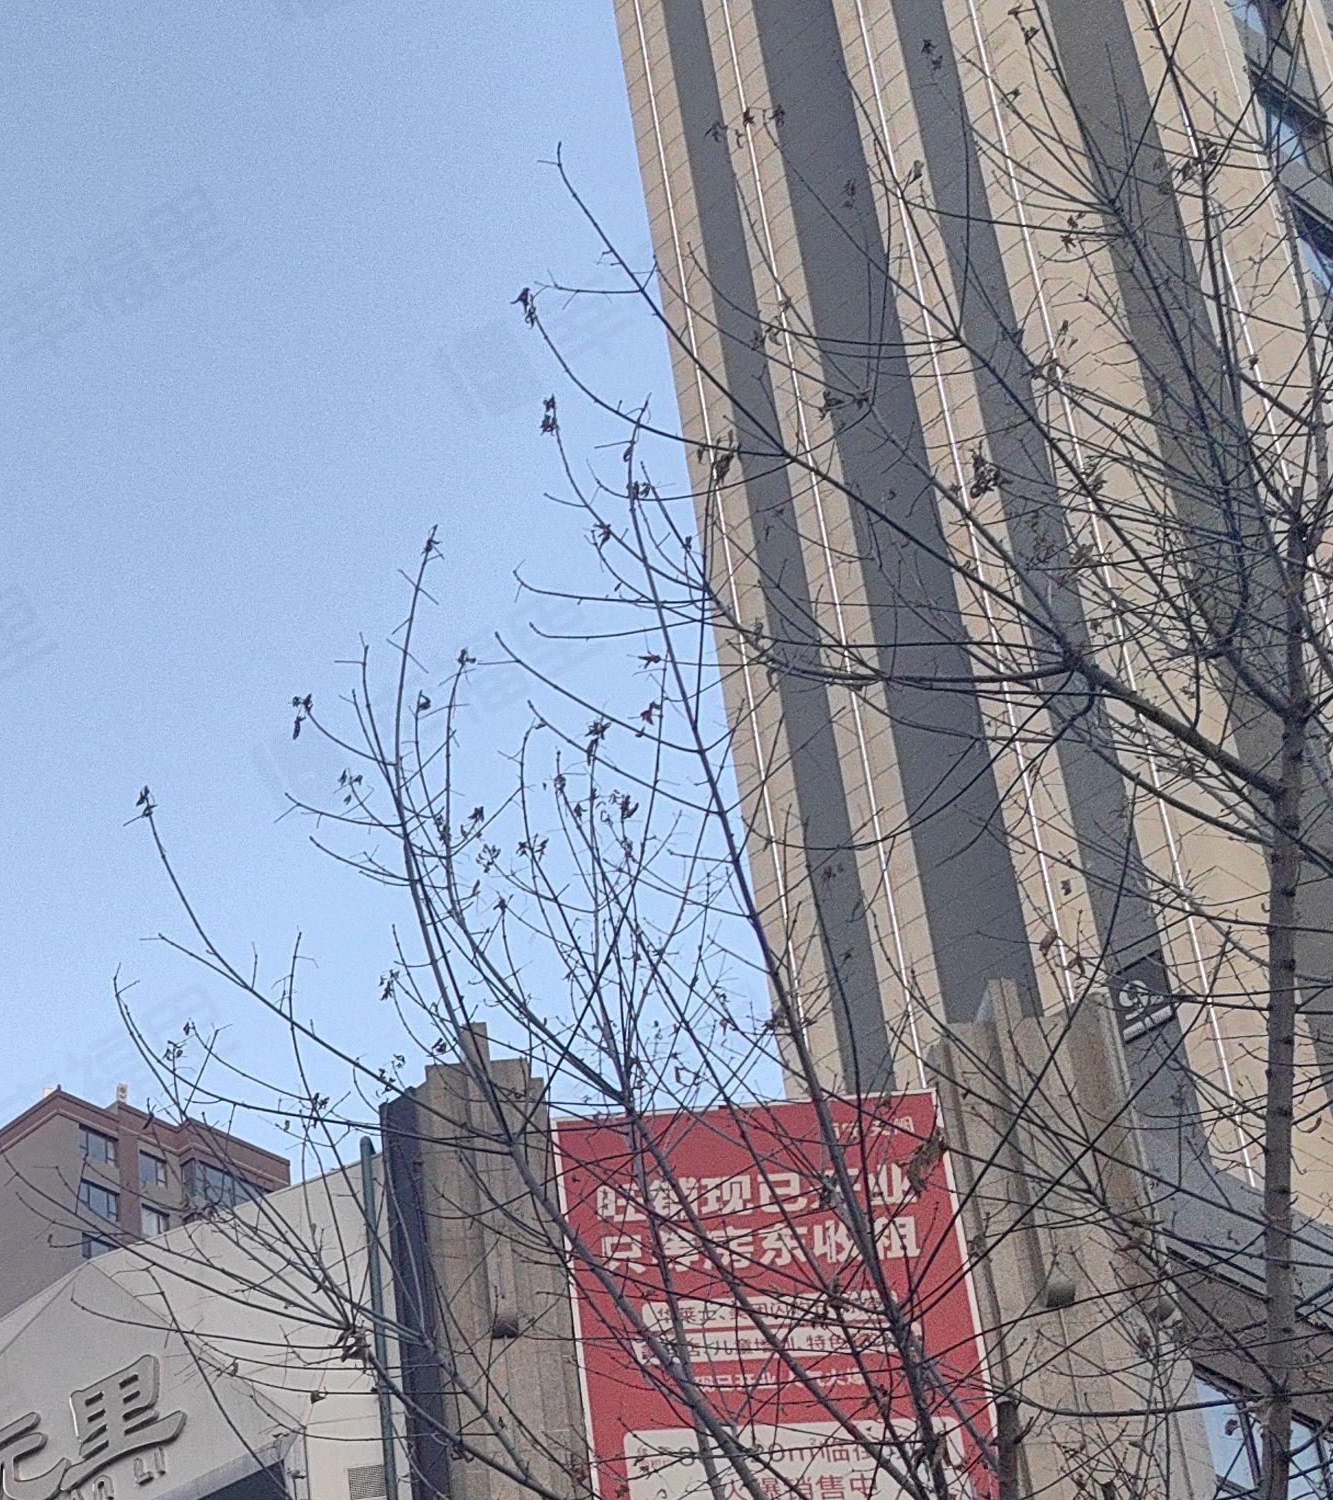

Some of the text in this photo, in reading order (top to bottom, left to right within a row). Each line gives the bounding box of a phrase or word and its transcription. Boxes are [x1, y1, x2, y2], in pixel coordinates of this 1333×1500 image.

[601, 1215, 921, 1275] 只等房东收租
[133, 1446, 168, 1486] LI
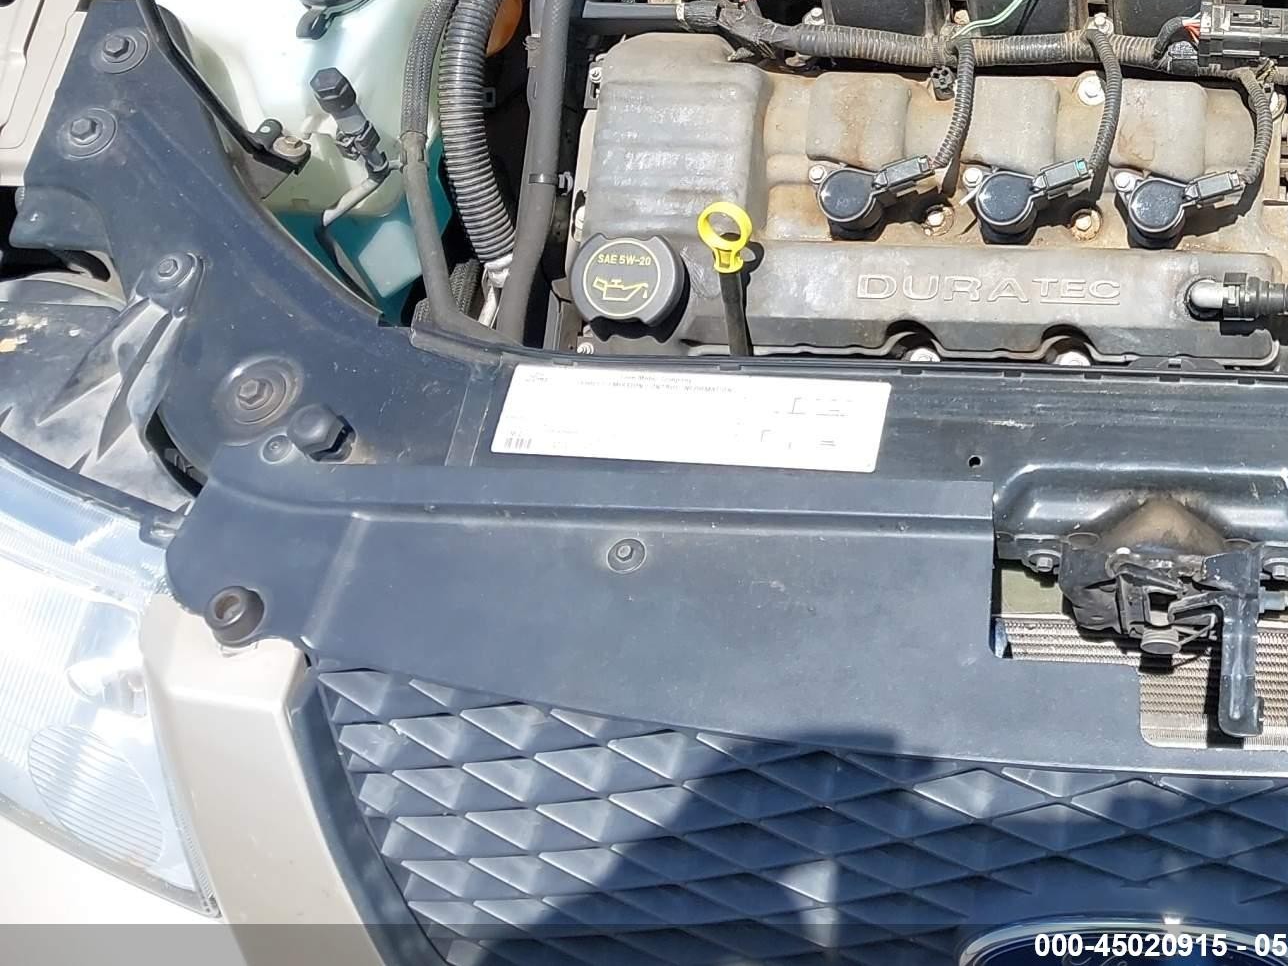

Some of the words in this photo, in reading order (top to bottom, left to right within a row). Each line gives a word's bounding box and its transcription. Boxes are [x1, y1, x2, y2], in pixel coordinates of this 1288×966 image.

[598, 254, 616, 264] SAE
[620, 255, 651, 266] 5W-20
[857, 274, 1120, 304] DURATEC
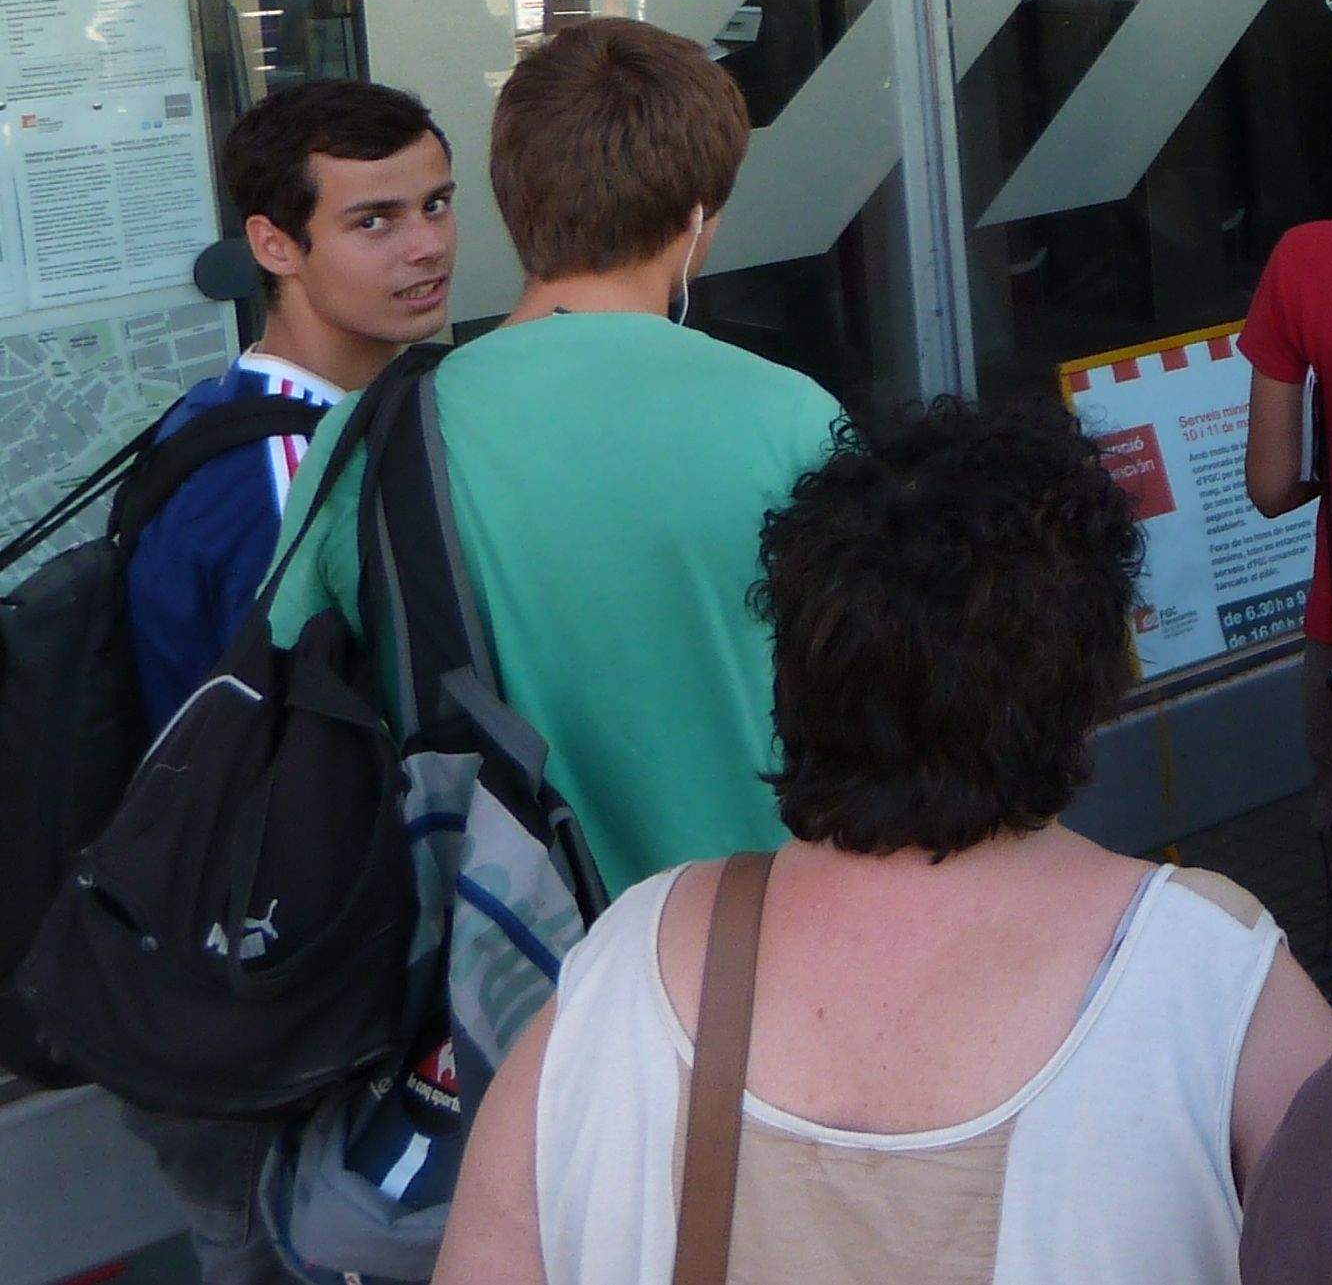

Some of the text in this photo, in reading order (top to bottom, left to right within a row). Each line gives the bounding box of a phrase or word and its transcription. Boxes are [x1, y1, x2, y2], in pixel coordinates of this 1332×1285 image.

···

### Required action
Output the full set of records above without changing a word, and drop the images.

### Response for this exercise
Some of the text in this photo, in reading order (top to bottom, left to right within a row). Each line gives the bounding box of a phrase or word and its transcription. Boxes are [x1, y1, x2, y2], in pixel coordinates of this 1333×1500 image.

[601, 1215, 921, 1275] 只等房东收租
[133, 1446, 168, 1486] LI

Some of the words in this photo, in reading order (top to bottom, left to right within a row). Each line gives a word's bounding box and its transcription. Boxes are [x1, y1, x2, y2], in pixel coordinates of this 1288×966 image.

[598, 254, 616, 264] SAE
[620, 255, 651, 266] 5W-20
[857, 274, 1120, 304] DURATEC

Some of the text in this photo, in reading order (top to bottom, left to right within a row). Each line gives the bounding box of a phrase or word and its transcription. Boxes are [x1, y1, x2, y2], in pixel coordinates of this 1332×1285 image.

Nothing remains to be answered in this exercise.